Table 6. Algorithm 1, F₁ objective function, all overlaps.

**Table 6.** Algorithm 1, F₁ objective function, all overlaps.
		Problem
Fragments		22,448	89,718	298,194	730,201	2,278,504
Contigs Obtained		82	114	163	224	510
Total Number of Bases		19,343	84,659	240,314	552,408	1,321,969
Contigs Found	Contigs Found	74	101	149	204	480
	%	90.2	88.6	91.4	91.1	94.1
	Bases Found	15,822	70,250	206,826	463,582	1,102,152
	%	81.8	83	86.1	83.9	83.4
	N50	360	1614	3326	4937	4499
	Average Length	213.8	695.5	1388.10	2272.50	2296.20
	Minimum Length	54	58	54	62	53
	Maximum Length	882	7261	10,943	22,745	24,396
Contigs not Found	Contigs not Found	8	13	14	20	30
	%	9.8	11.4	8.6	8.9	5.9
	Bases not Found	3521	14,409	33,488	88,826	219,817
	%	18.2	17	13.9	16.1	16.6
	N50	758	2308	3954	7258	11,798
	Average Length	440.1	1108.40	2392.00	4441.30	7327.20
	Minimum Length	95	95	95	181	255
	Maximum Length	826	3703	6809	9542	23,614

Table 7. Algorithm 1, F₂ objective function, all overlaps.

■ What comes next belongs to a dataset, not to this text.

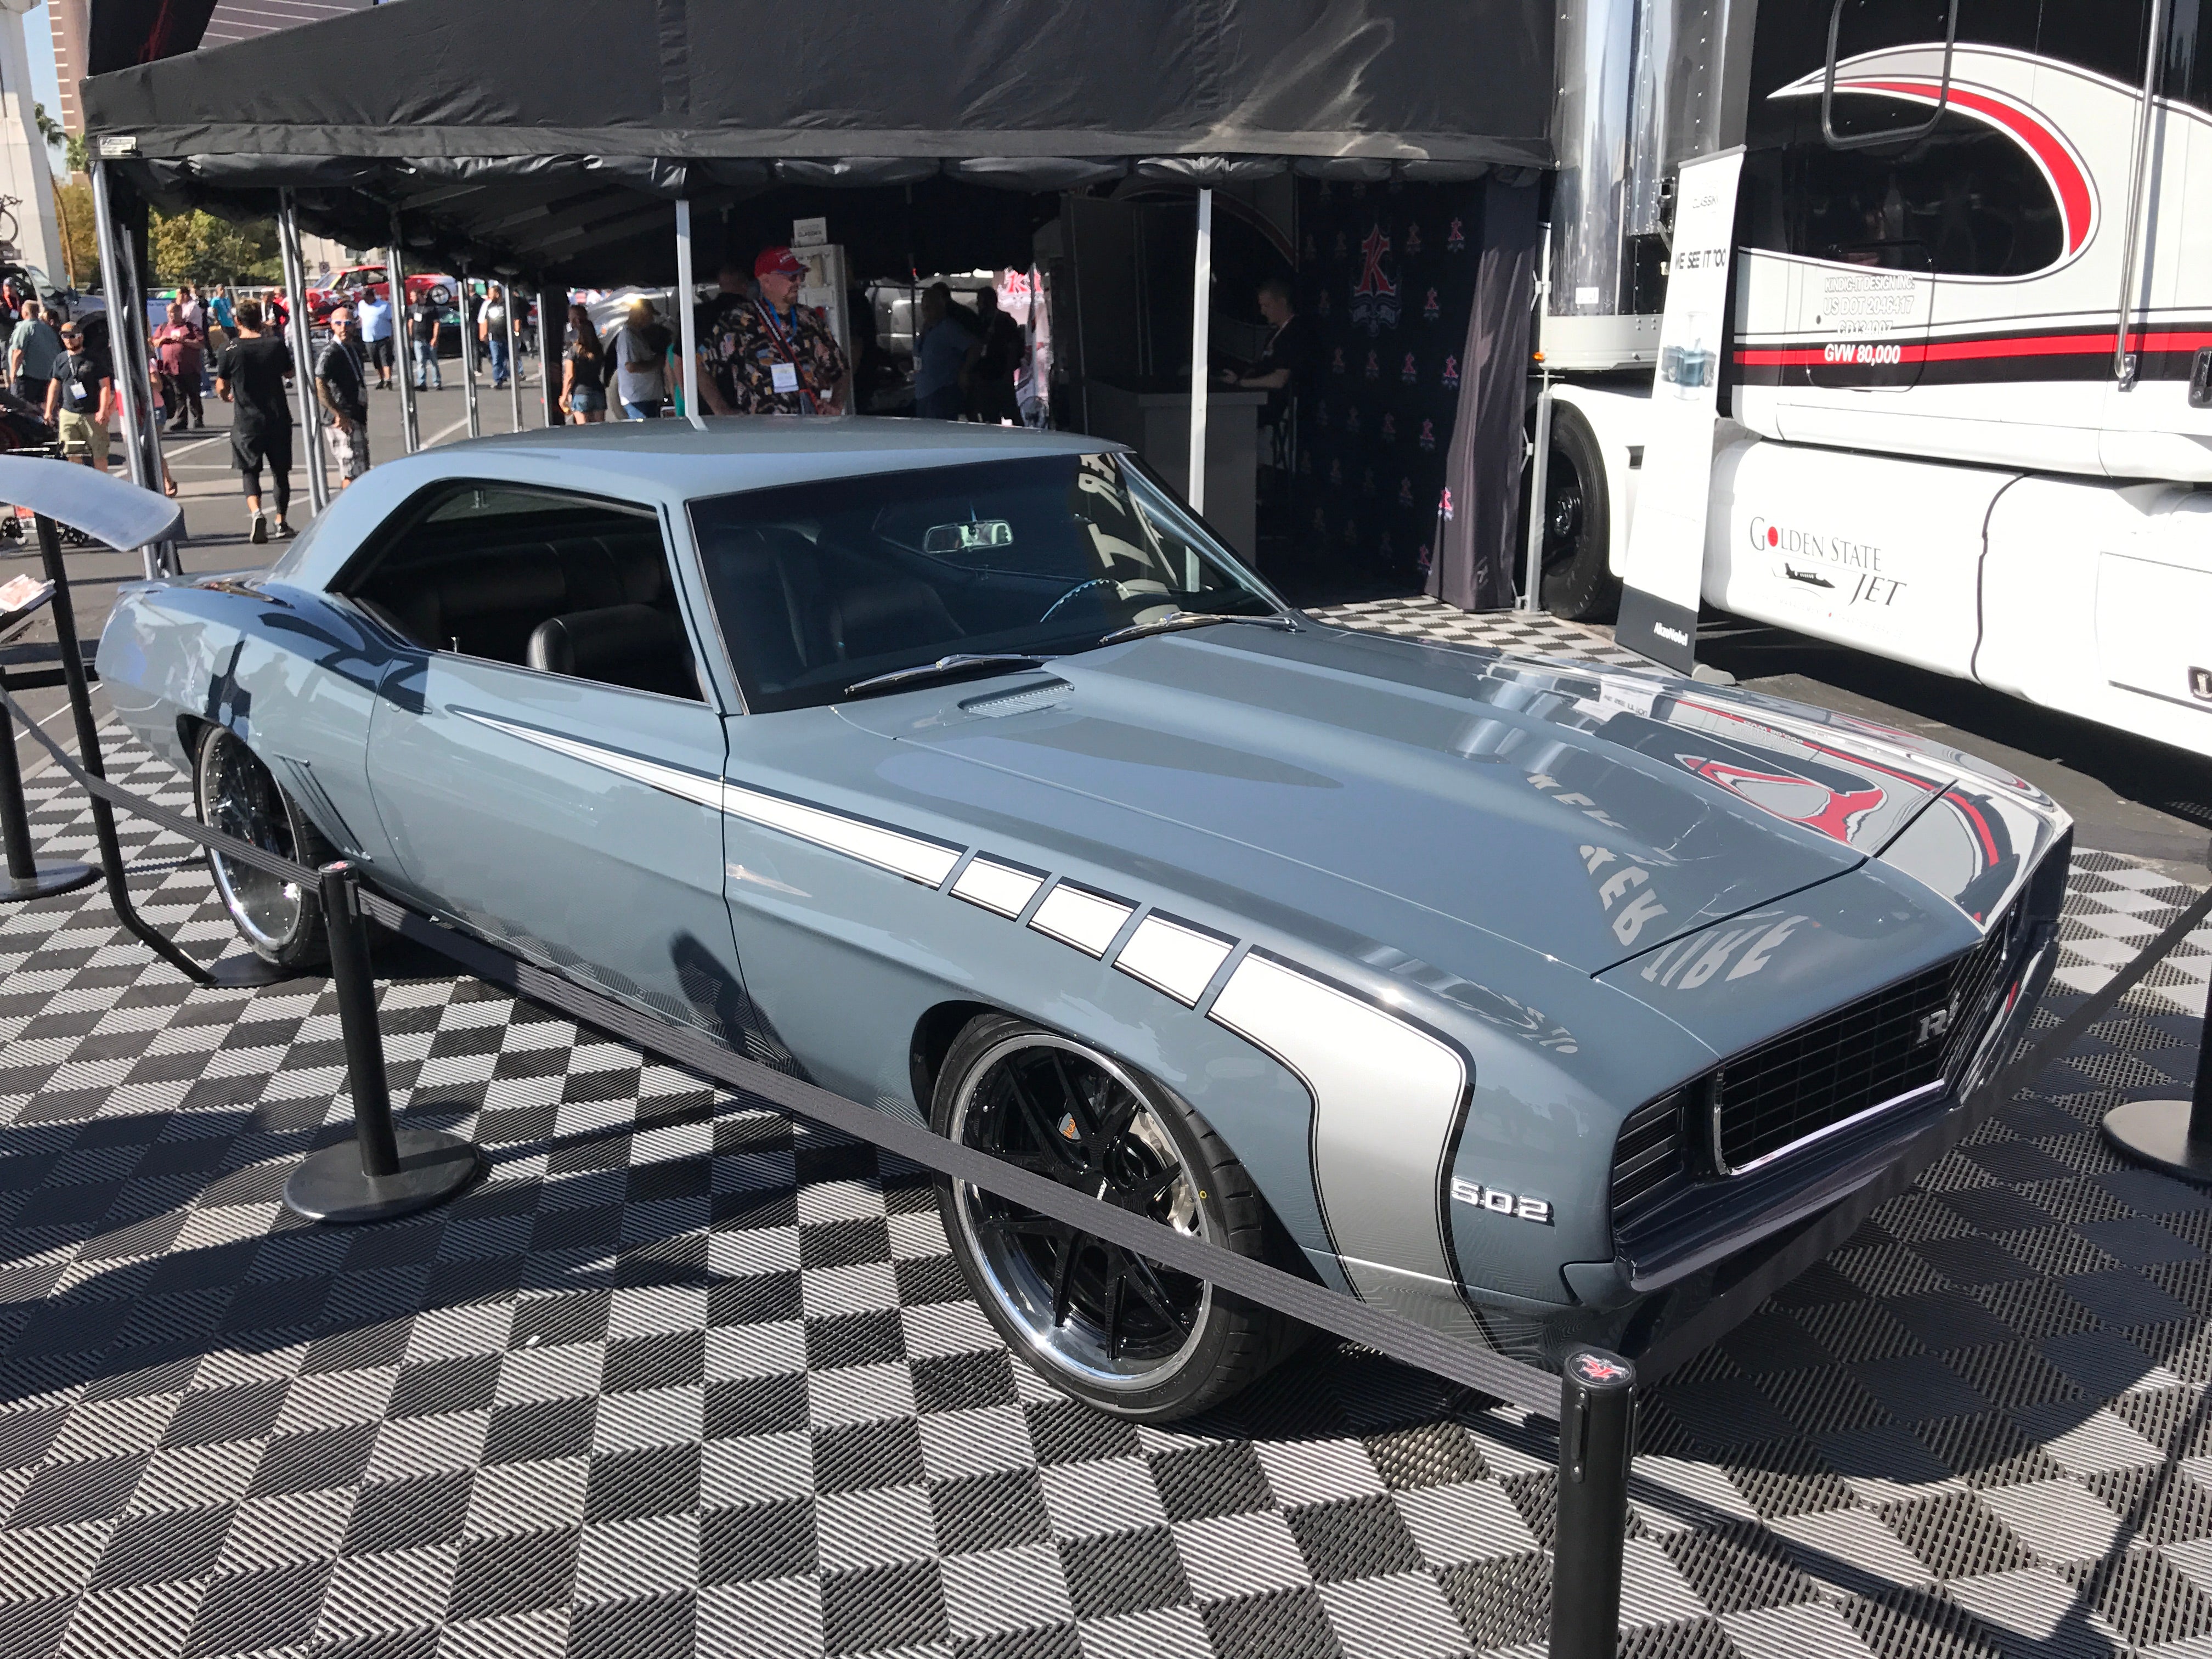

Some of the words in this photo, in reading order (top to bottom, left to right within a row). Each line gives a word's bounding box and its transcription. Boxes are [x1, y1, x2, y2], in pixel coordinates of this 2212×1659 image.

**Table 7.** Algorithm 1, F₂ objective function, all overlaps.
		Problem
Fragments		22,448	89,718	298,194	730,201	2,278,504
Contigs Obtained		82	114	163	224	510
Total Number of Bases		19,028	84,584	240,280	552,509	1,331,757
Contigs Found	Contigs Found	74	102	146	189	450
	%	90.2	89.5	89.6	84.4	88.2
	Bases Found	15,515	70,843	189,927	369,001	931,343
	%	81.5	83.8	79	66.8	69.9
	N50	356	1527	3184	4298	4201
	Average Length	209.7	694.5	1300.90	1952.40	2069.70
	Minimum Length	54	58	54	59	53
	Maximum Length	882	7261	10,943	21,185	16,135
Contigs not Found	Contigs not Found	8	12	17	35	60
	%	9.8	10.5	10.4	15.6	11.8
	Bases not Found	3513	13,741	50,353	183,508	400,414
	%	18.5	16.2	21	33.2	30.1
	N50	758	2308	6336	7620	9472
	Average Length	439.1	1145.10	2961.90	5243.10	6673.60
	Minimum Length	95	96	103	181	251
	Maximum Length	826	3703	7626	22,745	24,396

From the DNA fragment assembly point of view, we are interested in large contigs with no errors. The most important elements to be computed are the number of bases and the contigs that were found in the complete genome, as well as the mean length of each contig. When we compare the results obtained by Algorithm 1 for F₁ and F₂ using all overlaps, we find that F₁ is a little bit better than F₂, except in the number of bases found for problem 89,718. In terms of multi objective function optimization, the solution obtained for F₁ is not enough to dominate the solution obtained by F₂, but since it is better in most of the test, we can say that it is almost dominant. In the other experiments, we find a similar situation, where F₁ is almost dominant with respect to F₂.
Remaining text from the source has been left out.